Nel 2013 il signor S. su Facebook:

“Ma dire “A noi piace la FAMIGLIA tradizionale”, non significa mica essere contro GAY o lesbiche! Odio l’IPOCRISIA, l’ignoranza e il pensiero unico. Amo la diversità, la memoria, l’orgoglio e il RISPETTO.”

Così nel 2019: “Io sono l’ultimo dei testimonial della famiglia tradizionale: sono separato, sono divorziato. Ho sbagliato ma chi sbaglia impara dagli errori e non mi permetto giudicare quello che fanno gli altri. I milioni di genitori separati devono anzi essere aiutati.”
(Fonte: Agi, 30 marzo 2019)

In quale contesto il cosiddetto Capitano – in quel momento ministro dell’Interno – ha ammesso questi suoi “errori”? Quale occasione migliore del Congresso delle Famiglie, patrocinato dal ministero della Famiglia dell’ex ministro Lorenzo Fontana? Una sfilata di idee unica nel suo genere: “Vinceremo perché le nostre donne, tradizionaliste e conservatrici, sono più feconde di quelle progressiste di almeno il 30%!”, abbiamo sentito dire a Steve Turley dal palco. “Le femministe sono l’industria dell’aborto, vogliono continuare ad arricchirsi uccidendo bambini”, ha continuato Ignacio Arsuaga del gruppo ultraconservatore CitizenGO.
(Fonte: Cecilia Sala, Wired, 30 marzo 2019)

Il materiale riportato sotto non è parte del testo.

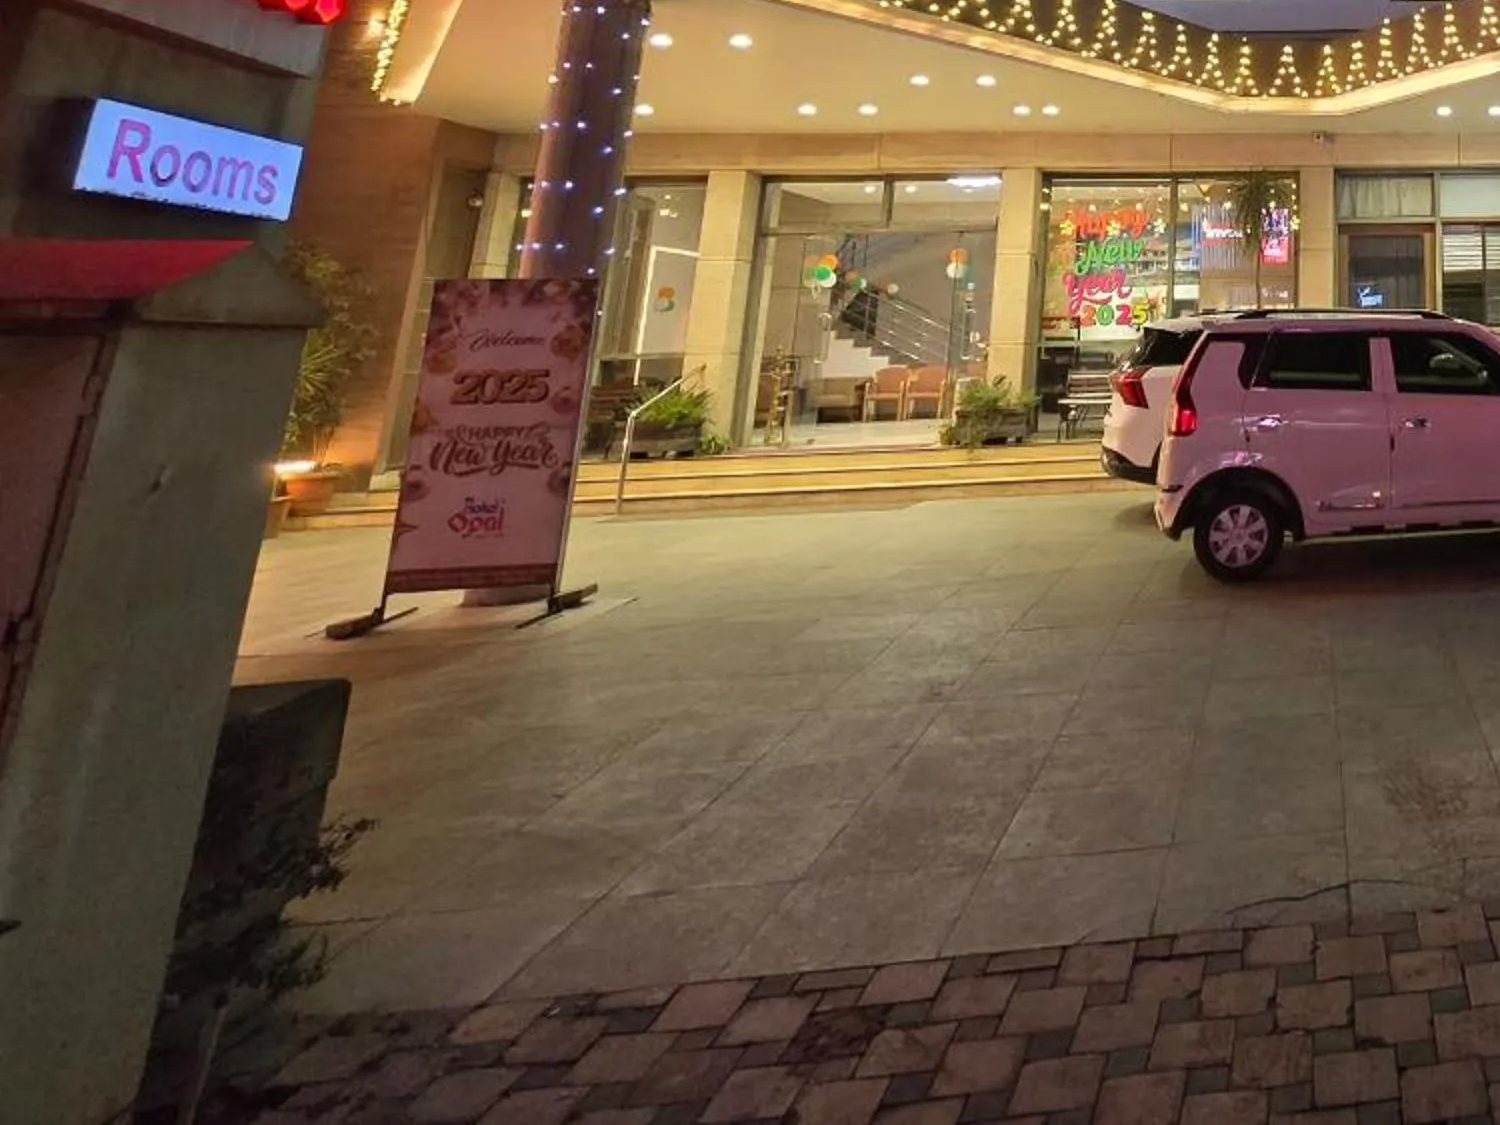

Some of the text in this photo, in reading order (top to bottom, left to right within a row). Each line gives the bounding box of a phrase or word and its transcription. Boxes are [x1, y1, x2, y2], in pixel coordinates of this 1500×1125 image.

Solo chiacchiere? Assolutamente no, basta vedere il recente provvedimento preso dalla governatrice leghista in Umbria: “In Umbria non sarà più possibile prendere la pillola abortiva in day hospital, ma solo con un ricovero di tre giorni in ospedale. La giunta di centro destra, guidata da Donatella Tesei, ha abrogato una delibera che permetteva di praticare l’aborto farmacologico in day hospital”.
(Fonte: La Repubblica, 15 giugno 2020)

Per molte donne il ricovero obbligatorio invece del day hospital rappresenta non solo un’umiliazione ma anche una vera e propria costrizione: dover spiegare ad altri le ragioni di una lunga assenza.